[To do]
Skip the images and copy each record exactly as written.

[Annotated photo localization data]
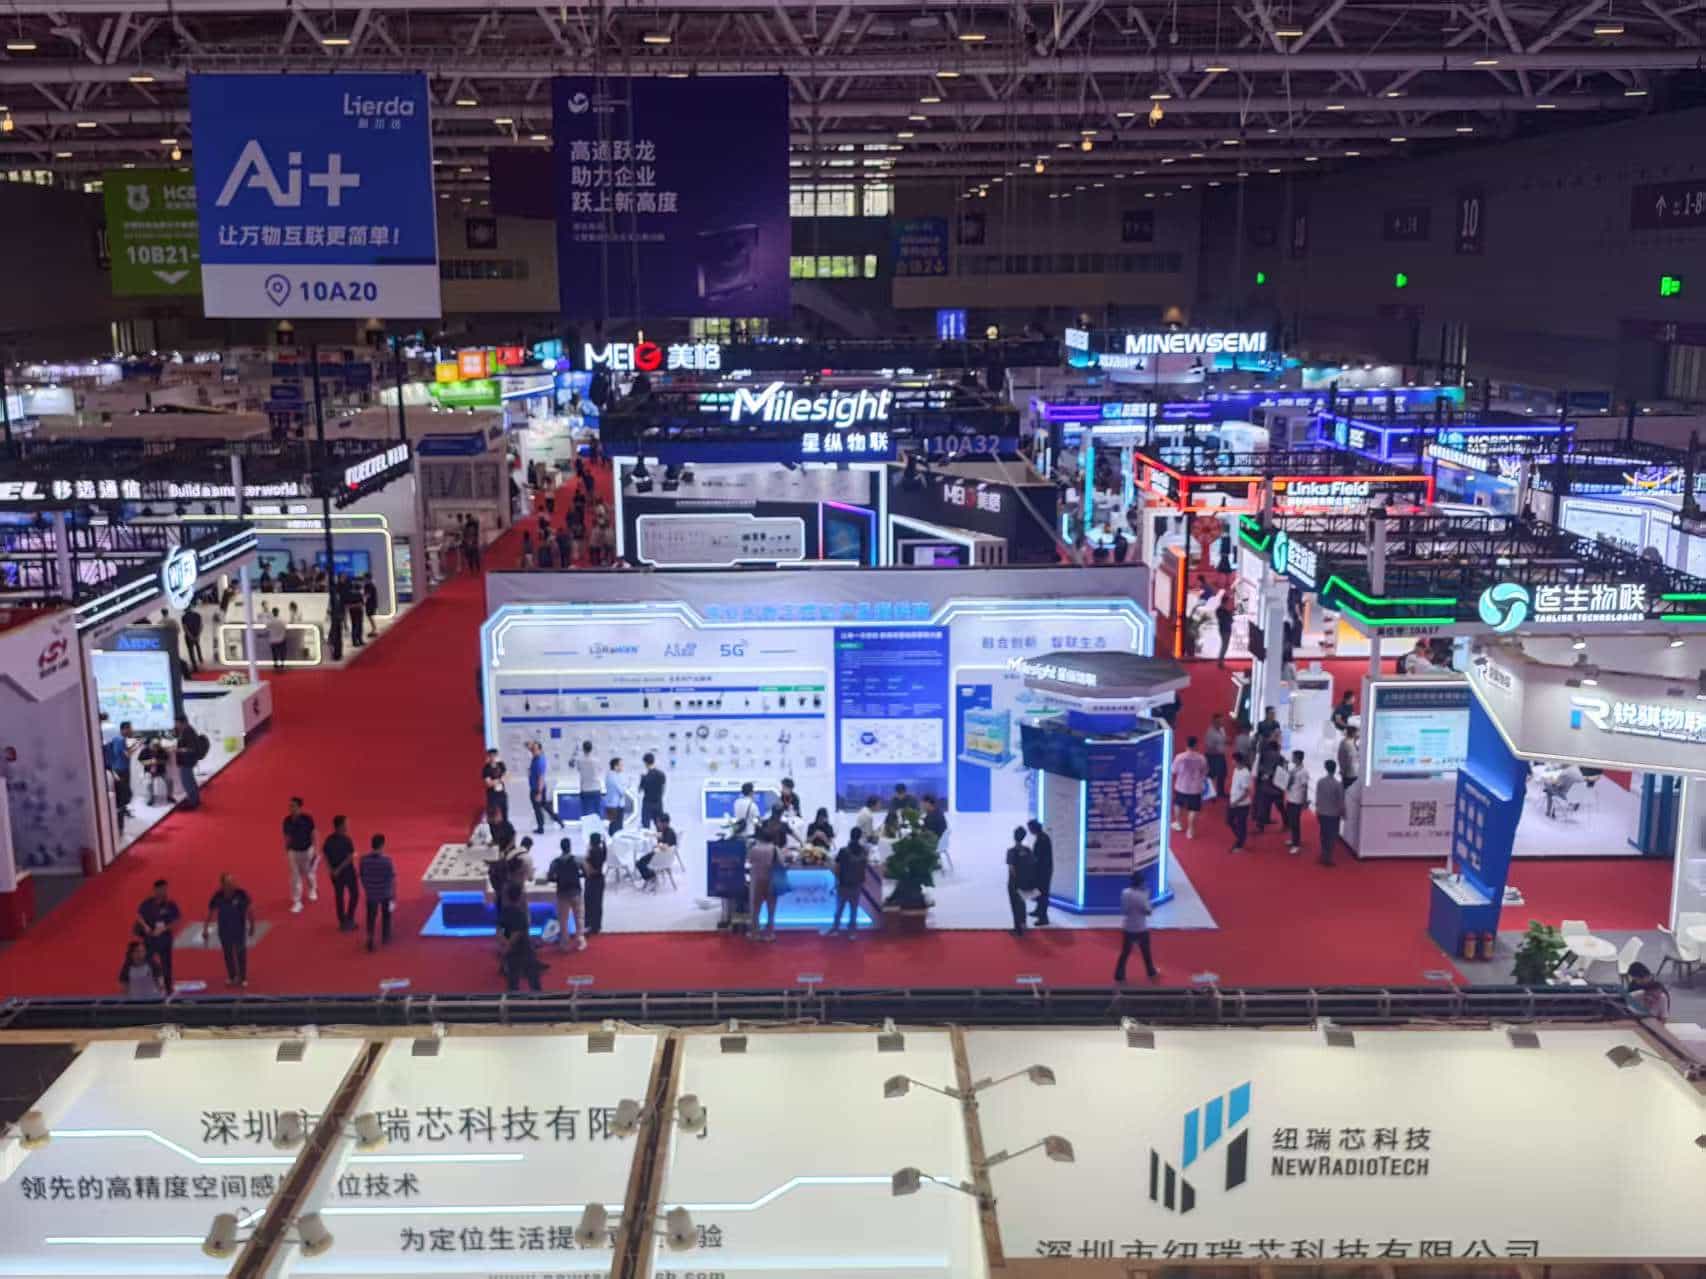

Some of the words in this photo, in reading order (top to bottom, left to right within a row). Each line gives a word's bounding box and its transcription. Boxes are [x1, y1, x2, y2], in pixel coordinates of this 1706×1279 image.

[343, 92, 415, 116] Lierda
[569, 139, 656, 162] 高通跃龙
[571, 165, 657, 187] 助力企业
[571, 190, 679, 214] 跃上新高度
[299, 281, 378, 301] 10A20
[1125, 332, 1267, 354] MINEWSEMI
[667, 343, 721, 370] 美格
[729, 381, 894, 428] Milesight
[801, 433, 889, 452] 星纵物联
[933, 434, 1000, 454] 10A32
[1286, 481, 1329, 496] Links
[1331, 481, 1369, 496] Field
[719, 643, 744, 656] 5G
[1271, 1127, 1431, 1151] 纽瑞芯科技

[Task answer]
Some of the words in this photo, in reading order (top to bottom, left to right within a row). Each line gives a word's bounding box and its transcription. Boxes are [x1, y1, x2, y2], in pixel coordinates of this 1706×1279 image.

[343, 92, 415, 116] Lierda
[569, 139, 656, 162] 高通跃龙
[571, 165, 657, 187] 助力企业
[571, 190, 679, 214] 跃上新高度
[299, 281, 378, 301] 10A20
[1125, 332, 1267, 354] MINEWSEMI
[667, 343, 721, 370] 美格
[729, 381, 894, 428] Milesight
[801, 433, 889, 452] 星纵物联
[933, 434, 1000, 454] 10A32
[1286, 481, 1329, 496] Links
[1331, 481, 1369, 496] Field
[719, 643, 744, 656] 5G
[1271, 1127, 1431, 1151] 纽瑞芯科技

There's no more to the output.